Records from a collection
==========

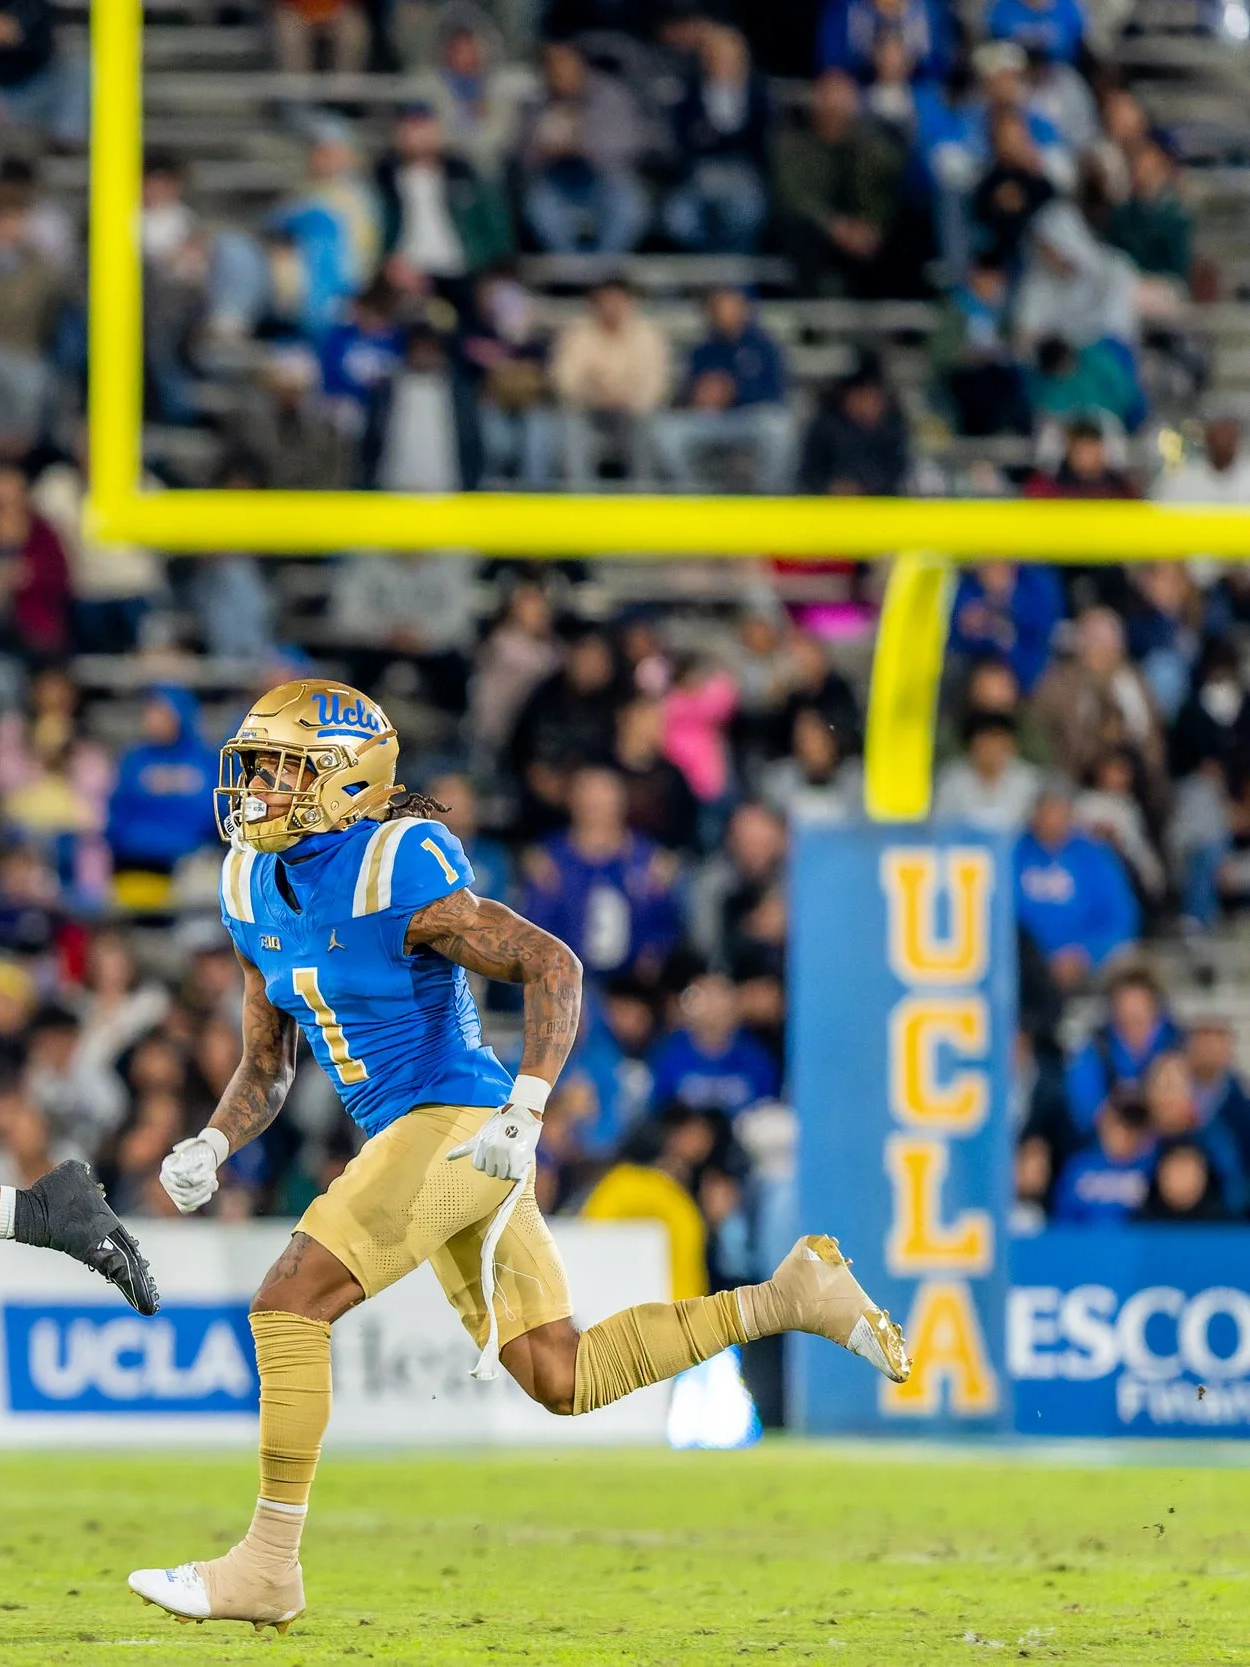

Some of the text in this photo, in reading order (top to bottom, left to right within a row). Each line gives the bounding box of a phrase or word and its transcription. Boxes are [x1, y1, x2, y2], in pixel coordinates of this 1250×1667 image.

[420, 837, 459, 886] 1
[291, 966, 370, 1087] 1
[879, 845, 1000, 1417] UCLA
[28, 1316, 249, 1400] UCLA
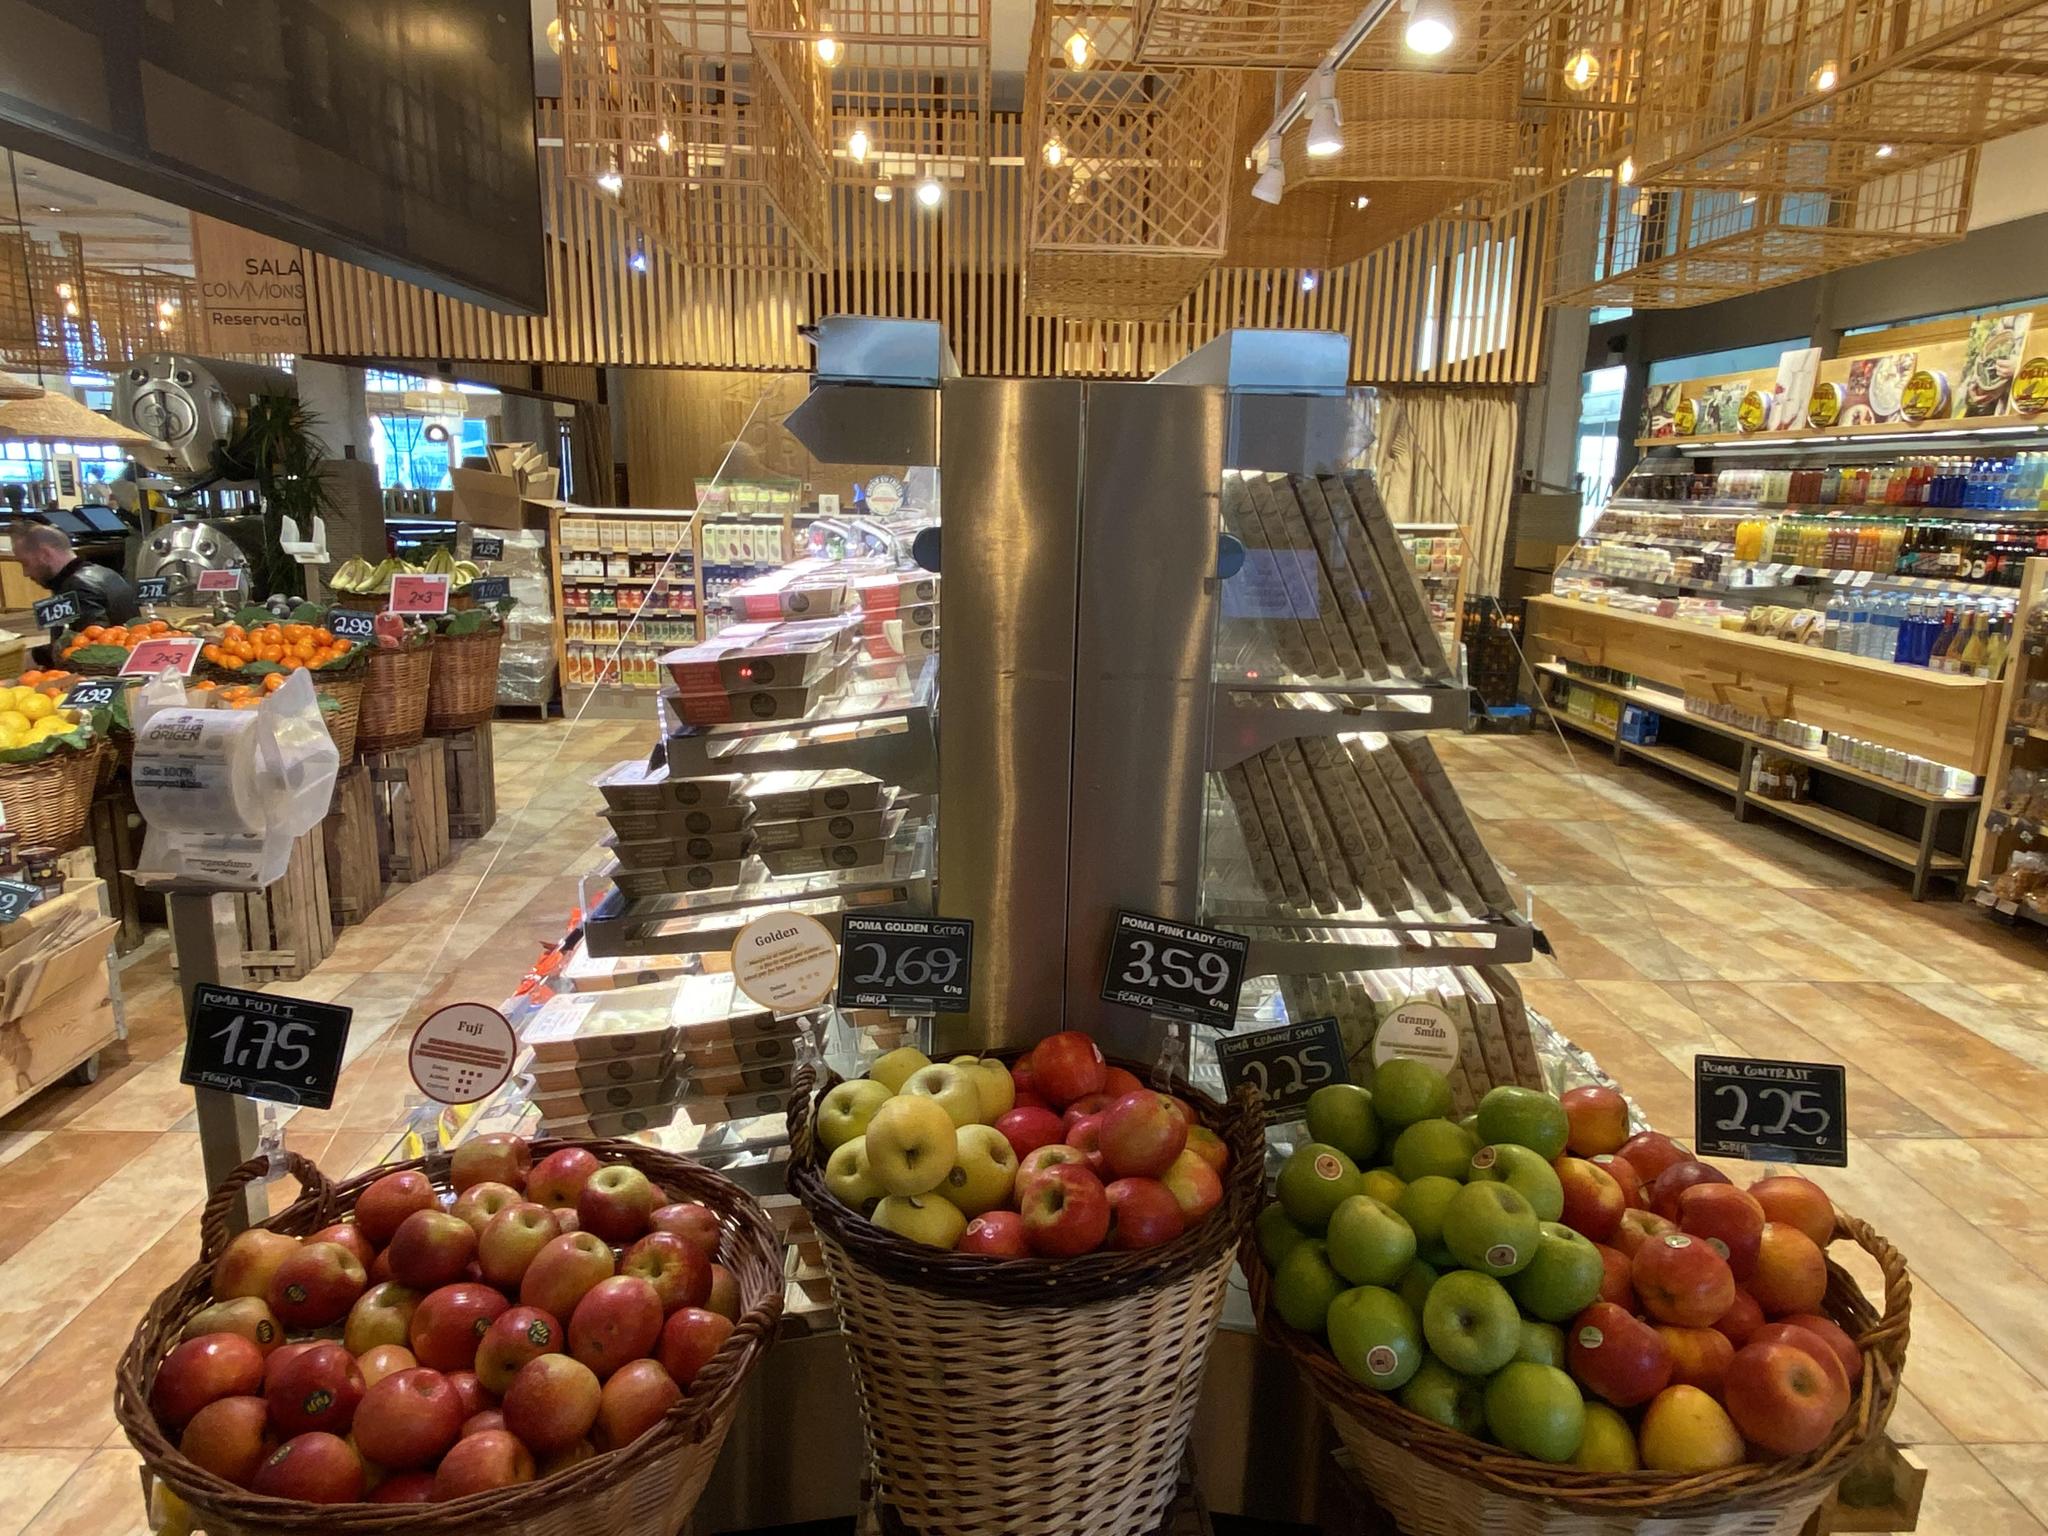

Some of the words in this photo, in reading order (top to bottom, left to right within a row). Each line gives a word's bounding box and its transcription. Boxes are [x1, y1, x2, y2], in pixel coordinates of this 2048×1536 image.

[245, 258, 303, 276] SALA
[202, 280, 304, 300] COMMONS
[150, 730, 201, 741] ORIGEN
[849, 920, 882, 931] POMA
[884, 922, 928, 933] GOLDEN
[1122, 916, 1155, 932] POMA
[1157, 925, 1184, 938] PINK
[1186, 930, 1216, 944] LADY
[755, 926, 799, 947] Golden
[202, 992, 240, 1005] POMA
[245, 999, 277, 1016] FUJI
[457, 1020, 484, 1036] Fuji
[1397, 1013, 1437, 1027] Granny
[1414, 1026, 1446, 1038] Smith
[1744, 1065, 1813, 1080] CONTRAST
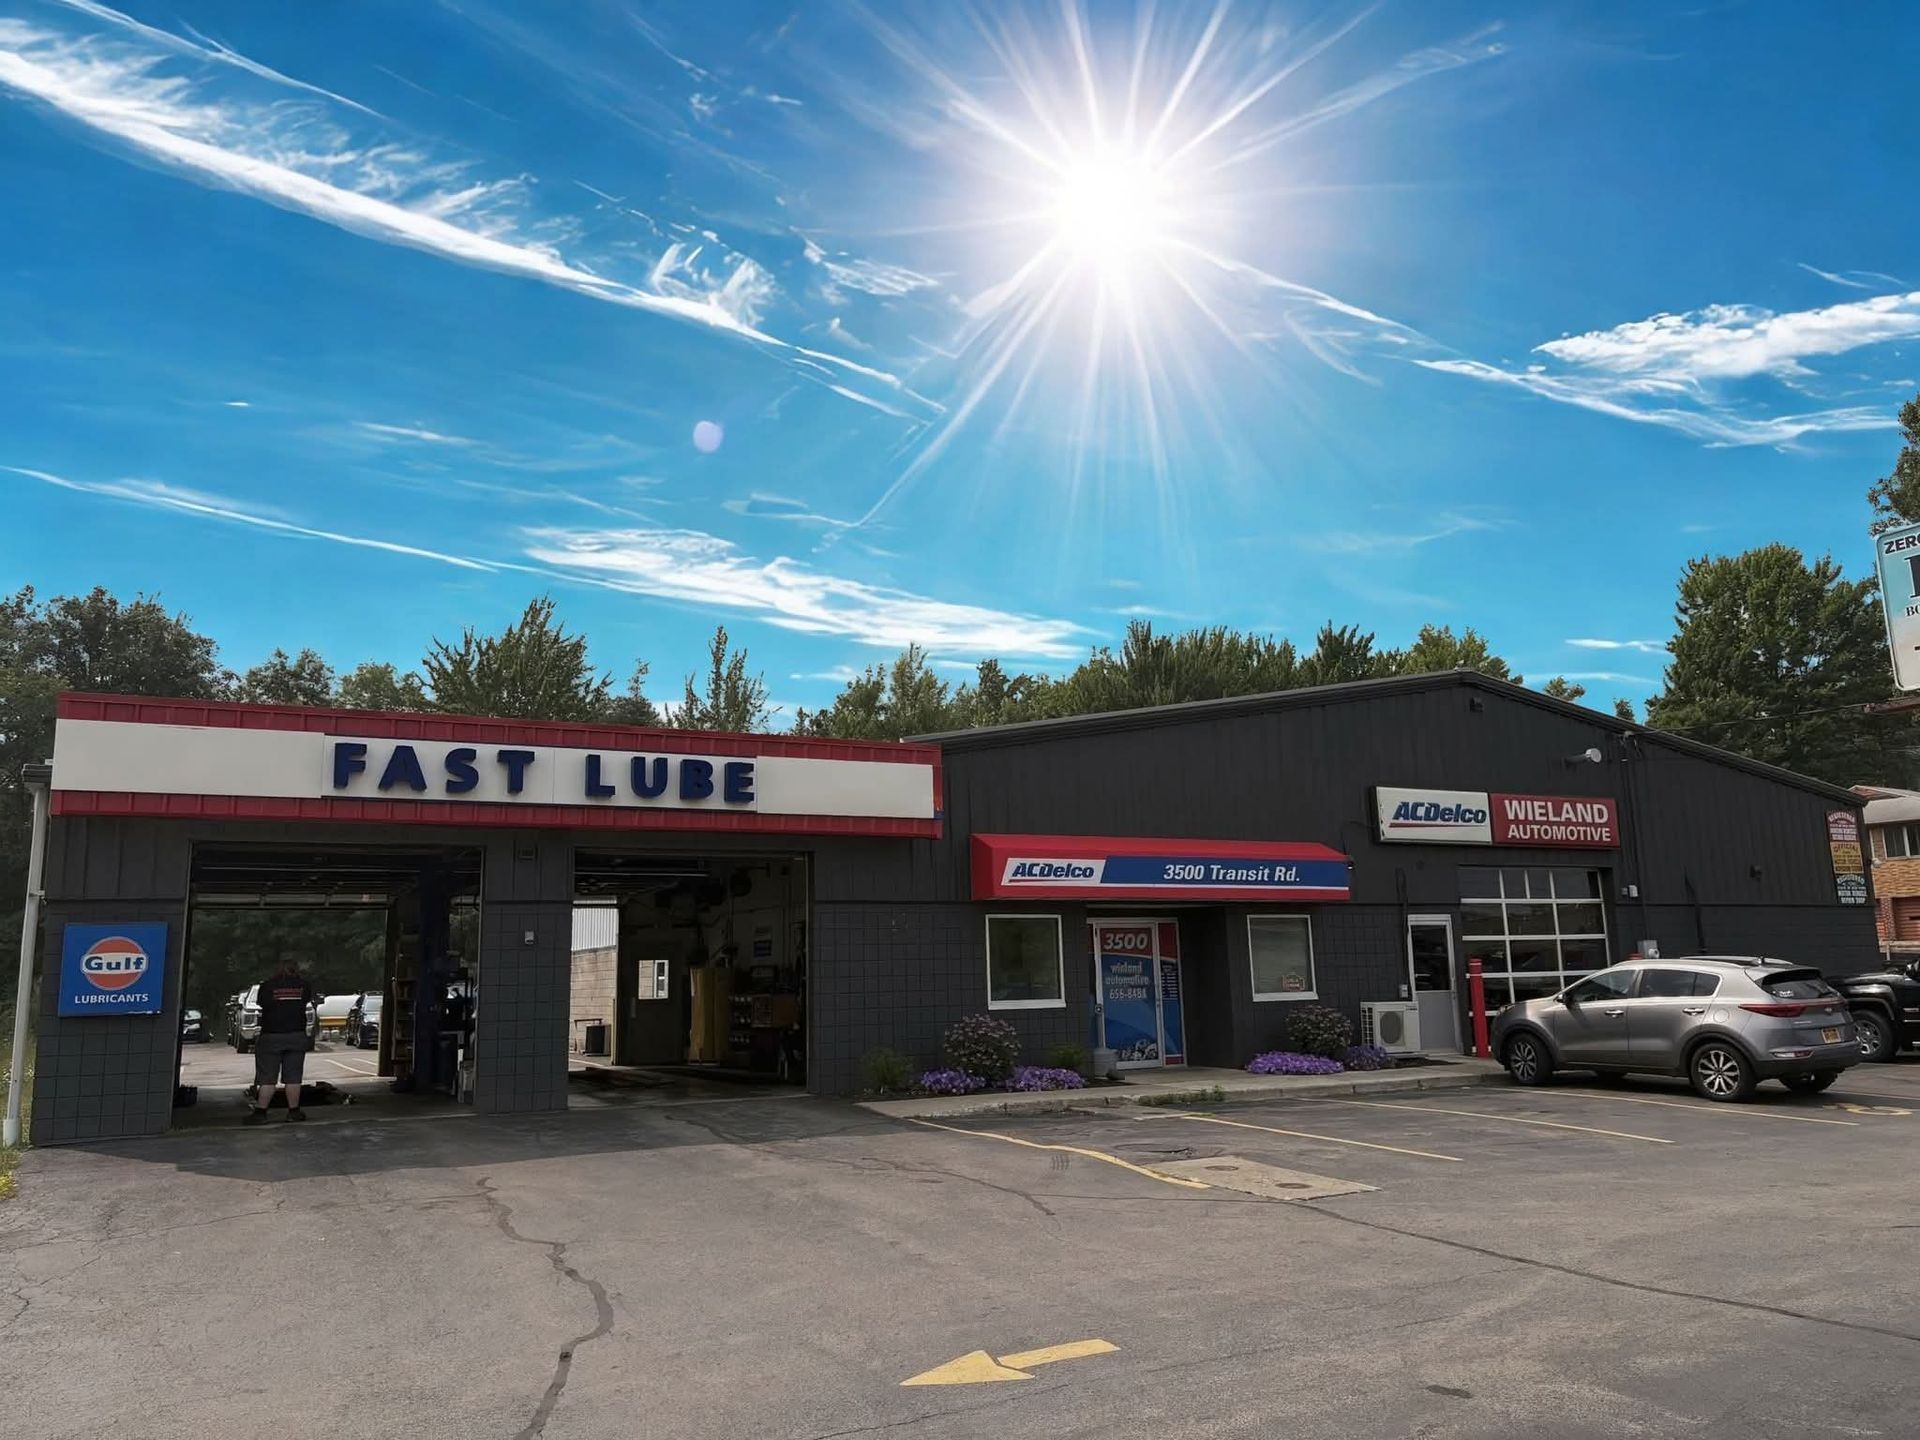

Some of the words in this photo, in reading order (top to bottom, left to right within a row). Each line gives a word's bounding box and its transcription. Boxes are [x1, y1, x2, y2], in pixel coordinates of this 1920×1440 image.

==========

- Task to complete -
Skip the pictures and output all entries exactly.

- Solution to the problem -
Some of the text in this photo, in reading order (top to bottom, left to right within a row). Each line gives the bounding box of a phrase or word and its transcription. Boxes are [x1, y1, x2, y2], in pixel coordinates of this 1250×1667 image.

[420, 837, 459, 886] 1
[291, 966, 370, 1087] 1
[879, 845, 1000, 1417] UCLA
[28, 1316, 249, 1400] UCLA

Some of the words in this photo, in reading order (top to bottom, left to right within a row). Each line gives a word's bounding box and its transcription. Boxes are [x1, y1, x2, y2], in pixel coordinates of this 2048×1536 image.

[245, 258, 303, 276] SALA
[202, 280, 304, 300] COMMONS
[150, 730, 201, 741] ORIGEN
[849, 920, 882, 931] POMA
[884, 922, 928, 933] GOLDEN
[1122, 916, 1155, 932] POMA
[1157, 925, 1184, 938] PINK
[1186, 930, 1216, 944] LADY
[755, 926, 799, 947] Golden
[202, 992, 240, 1005] POMA
[245, 999, 277, 1016] FUJI
[457, 1020, 484, 1036] Fuji
[1397, 1013, 1437, 1027] Granny
[1414, 1026, 1446, 1038] Smith
[1744, 1065, 1813, 1080] CONTRAST

Some of the words in this photo, in reading order (top to bottom, left to right within a row). Each line gives a word's bounding box and its transcription. Boxes are [x1, y1, x2, y2], in pixel coordinates of this 1920×1440 image.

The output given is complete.